● ASSIGNED TASK:
Once you have read the entries, copy all of them exactly.

● DATA:
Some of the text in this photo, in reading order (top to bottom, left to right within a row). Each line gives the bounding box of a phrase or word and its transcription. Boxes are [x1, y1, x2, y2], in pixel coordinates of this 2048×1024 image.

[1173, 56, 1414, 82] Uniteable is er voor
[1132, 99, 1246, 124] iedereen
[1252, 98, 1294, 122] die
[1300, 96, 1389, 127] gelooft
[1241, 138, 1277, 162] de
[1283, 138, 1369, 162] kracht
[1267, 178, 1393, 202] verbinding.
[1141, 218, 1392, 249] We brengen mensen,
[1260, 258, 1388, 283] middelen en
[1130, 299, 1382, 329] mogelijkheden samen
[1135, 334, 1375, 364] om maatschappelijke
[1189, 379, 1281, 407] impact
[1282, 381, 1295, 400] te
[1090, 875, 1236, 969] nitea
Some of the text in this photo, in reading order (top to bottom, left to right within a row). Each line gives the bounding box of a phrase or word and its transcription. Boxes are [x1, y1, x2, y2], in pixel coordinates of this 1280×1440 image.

● SOLUTION FOR THIS EXERCISE:
Some of the text in this photo, in reading order (top to bottom, left to right within a row). Each line gives the bounding box of a phrase or word and its transcription. Boxes are [x1, y1, x2, y2], in pixel coordinates of this 2048×1024 image.

[1173, 56, 1414, 82] Uniteable is er voor
[1132, 99, 1246, 124] iedereen
[1252, 98, 1294, 122] die
[1300, 96, 1389, 127] gelooft
[1241, 138, 1277, 162] de
[1283, 138, 1369, 162] kracht
[1267, 178, 1393, 202] verbinding.
[1141, 218, 1392, 249] We brengen mensen,
[1260, 258, 1388, 283] middelen en
[1130, 299, 1382, 329] mogelijkheden samen
[1135, 334, 1375, 364] om maatschappelijke
[1189, 379, 1281, 407] impact
[1282, 381, 1295, 400] te
[1090, 875, 1236, 969] nitea
Some of the text in this photo, in reading order (top to bottom, left to right within a row). Each line gives the bounding box of a phrase or word and its transcription. Boxes are [x1, y1, x2, y2], in pixel coordinates of this 1280×1440 image.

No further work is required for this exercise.